The web server mRNAfold was then used to predict the pre-mRNA secondary structure via calculation of minimum free energy [18, 19]. It has been reported that local RNA secondary structures affect splice site selection, the splicing sites closest to the start transcription site forming more stable structures than those located in more central RNA locations [18, 19]. The minimum free energy calculated by the software was -44.70, -38.84 and -30.70 kcal/mol for the donor splice sites downstream of the exons c, c1 and 1b, respectively. Both the evaluation of GC content and the calculation of free energy once again are in agreement with the results we obtained from the expression study. In fact, the expression level of isoform containing exon c is higher than those containing exon c.1 and 1b (Figure 5).
To conclude our characterization, we proceeded with the open reading frame analysis using the ORF Finder program. ORF analysis revealed that the mRNA variants 3, 6, 7 and alternative variant 4, as well as variants 8-11 encode for the canonical ClC-5 protein of 746 amino acids while variant 4, and variants 1-2 for a protein with 20 and 70 additional in frame amino acids, respectively. It is of note that the presence in the long transcripts of exon VI and/or V stabilizes the initiation of translation to the ATG in exon 2 and do not add, to the protein, additional amino acids. This is the most common situation among most genes that have alternative promoters and, while not generating different protein isoforms, have mRNA variants which differ in the transcription pattern and in translation efficiency.
The ClC-5 translated region was expressed in all human tissues examined. Our results are in agreement with what reported by Steinmeyer et al.  who demonstrated in the mouse that ClC-5 was predominantly expressed in the kidney but also observed in brain, liver, lung, and testis. Unlike Ludwig et al. , but in agreement with Ramos-Trujillo et al.  we demonstrated that ClC-5 is present in the human liver, brain and skeletal muscle.
On the contrary not all the 5′UTR isoforms are expressed in the various tissues. mRNA variants type 3, 2, 7 and alternative variant 4 appear to be the most abundant in the human kidney. 5′UTR exons that are commonly present among expressed isoforms are candidates for mutation analysis of Dent disease patients without genetic variation in the CLCN5 coding region. Polymorphisms or rare variants might also reside in these regions that acting as modifier alleles and might explain the phenotypic heterogeneity of Dent disease not only in Dent disease 1 but also in Dent disease 2. We have demonstrated, in fact, that variants in both OCRL and CLCN5 genes may act in concert in determining Dent disease phenotype variability .
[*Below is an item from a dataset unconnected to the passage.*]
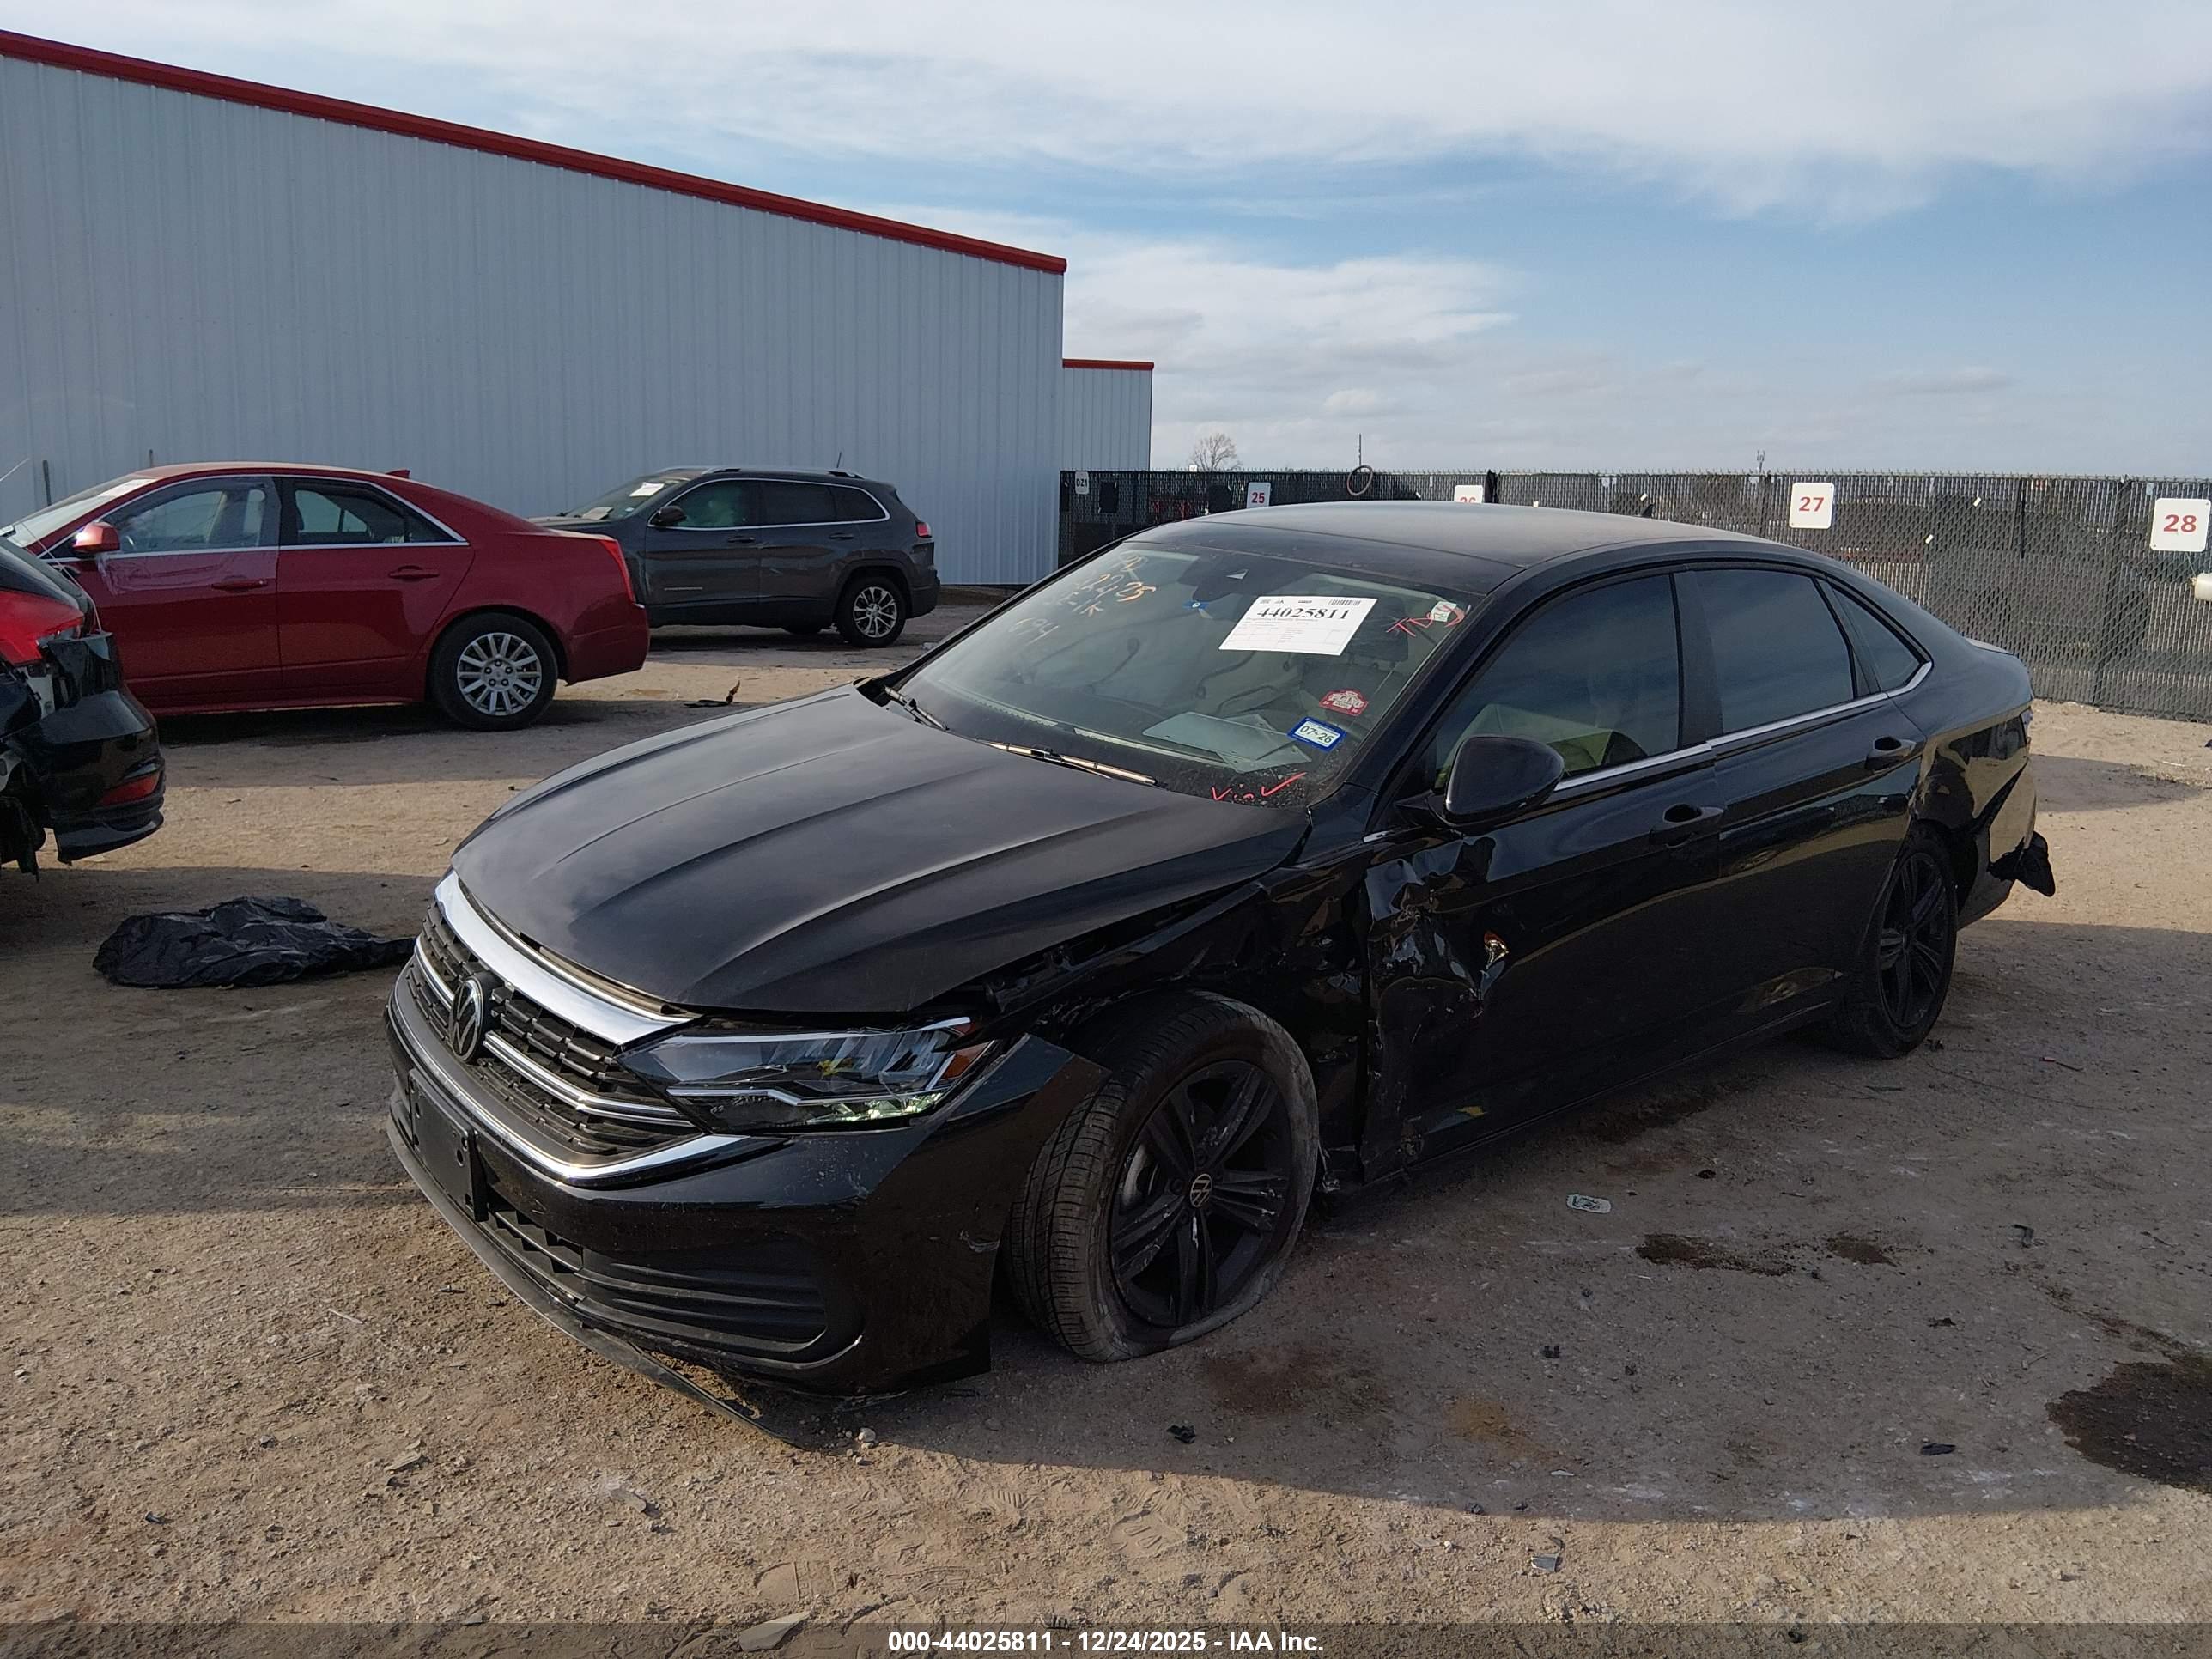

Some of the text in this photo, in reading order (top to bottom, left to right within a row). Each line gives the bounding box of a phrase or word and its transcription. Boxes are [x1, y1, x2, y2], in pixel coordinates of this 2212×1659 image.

[1251, 491, 1265, 504] 25
[1799, 496, 1825, 513] 27
[2163, 514, 2197, 533] 28
[1256, 606, 1350, 620] 44025811
Despite widespread expression of ClC-5, the Dent disease 1 phenotype is largely renal. Different 5′UTR ends present in various tissues may serve to differently regulate gene expression in response to physiological and pathological stimuli through mechanisms involving not only transcription but also translation efficiency. It is known, in fact, that the 5′UTR region has several roles in translational efficiency and translation inhibition probably through the interaction with the ribosome and specific DNA binding proteins or through some elements contained in non coding regions. So, it is possible that CLCN5 mRNA levels do not correspond to ClC-5 protein level and actual ClC-5 functions.
Also of note is the presence of ClC-5 in the human brain and skeletal muscle. Although CNS and muscle impairment is common in Lowe syndrome, it has not been described in Dent disease 1 . We recently evaluated a patient carrying a CLCN5 mutation whose clinical symptoms suggested a Dent 2 phenotype or a mild Lowe phenotype (unpublished). Our findings point to the possibility that certain Dent cases with CLCN5 disease-causing mutations might manifest extrarenal symptoms or a mild Lowe phenotype.
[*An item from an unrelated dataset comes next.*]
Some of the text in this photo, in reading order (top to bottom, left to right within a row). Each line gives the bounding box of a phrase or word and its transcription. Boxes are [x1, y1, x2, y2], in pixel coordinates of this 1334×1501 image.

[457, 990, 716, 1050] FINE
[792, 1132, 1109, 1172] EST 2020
The tissues that are most similar, both in terms of abundance and expression pattern of CLCN5 UTR isoforms are kidney, colon and testis. It is known that in rats and pigs ClC-5 is expressed in intestinal tissues that have endocytotic machinery [29, 30]. As in renal proximal tubular and intercalated collecting duct cells, intestinal and colon epithelial cell ClC-5 is predominantly if not exclusively intracellular, located in densely packed endocytotic vesicles in rats . Some authors have evaluated the role of ClC-5 in intestinal calcium absorption by directly regulating the expression of calcium transport proteins, such as TRPV 6 [30–33]. Although in humans the intestinal calcium absorption takes place mainly in small intestine, our data, albeit indirectly, can support the hypothesis that in Dent disease hypercalciuria may be due to increased intestinal absorption of calcium rather than decreased tubular re-absorption.
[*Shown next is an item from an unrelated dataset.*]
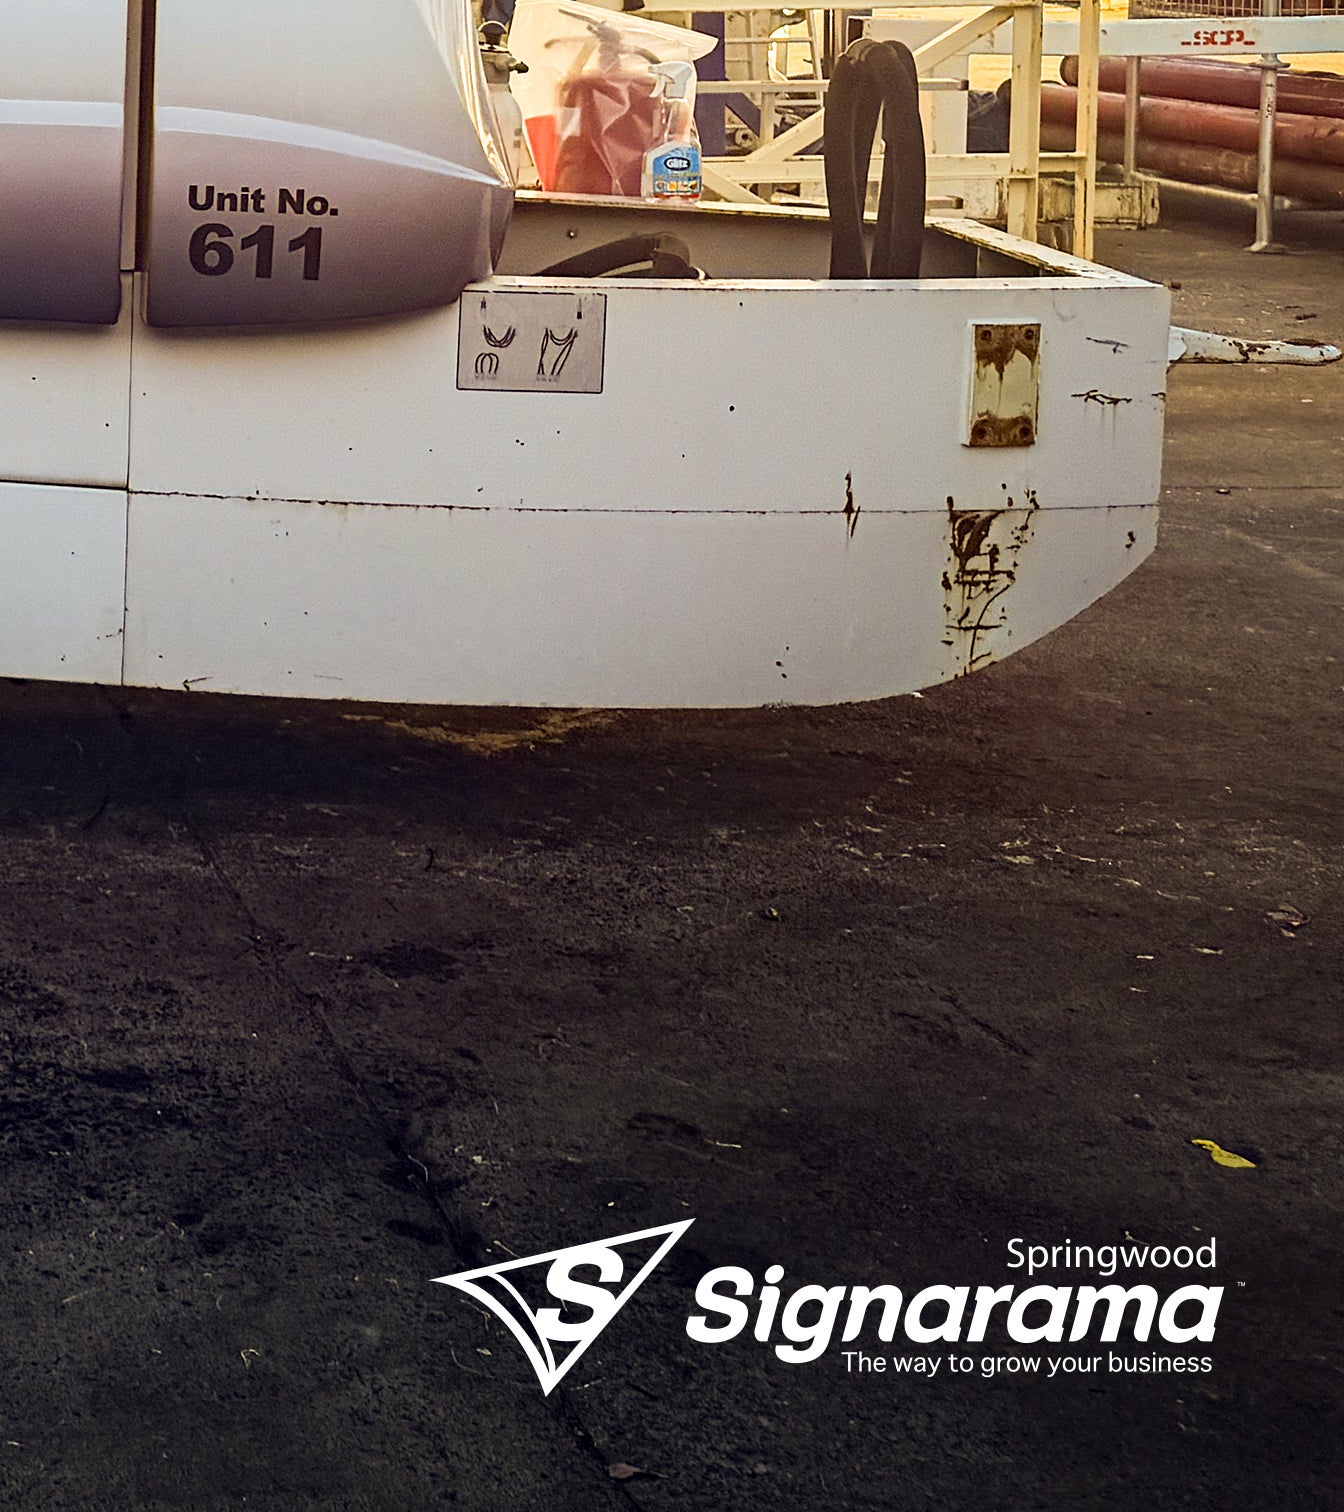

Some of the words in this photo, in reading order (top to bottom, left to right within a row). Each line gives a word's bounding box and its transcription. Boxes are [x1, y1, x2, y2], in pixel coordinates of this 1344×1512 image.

[187, 184, 266, 215] Unit
[277, 188, 340, 217] No.
[187, 223, 323, 282] 611
No phenotype associated with testicular dysfunction has been described so far in Dent disease patients. Future studies might be warranted to explore the possible role of ClC-5 in male infertility and to determine testicular function in Dent disease 1 patients, analogous to the role of the CFTR gene in male infertility .
Our results confirm the structural complexity of CLCN5 5′UTR region. The presence of many different CLCN5 5′UTR ends as well as the selective use of alternative promoters can affect if/when and how the transcript is translated, by binding to different transcription factors and regulating translation efficiency. The meaning of this complexity, characterized by the presence of several CLCN5 isoforms differentially-regulated in a tissue specific manner, likely in relation to physiological and/or pathological conditions, remains to be clarified. This complexity might explain aspects of the Dent disease phenotype and pathogenesis, and might obscure disease causing mutations or polymorphisms that influence disease expression. It will be interesting to analyze renal CLCN5 isoforms and their expression levels in both normal and pathological conditions to identify and understand their physiologic and pathophysiologic roles.
Lloyd SE, Pearce SH, Fisher SE, Steinmeyer K, Schwappach B, Scheinman SJ, Harding B, Bolino A, Devoto M, Goodyer P, Rigden SP, Wrong O, Jentsch TJ, Craig IW, Thakker RV: A common molecular basis for three inherited kidney stone diseases. Nature. 1996, 379 (6564): 445-449.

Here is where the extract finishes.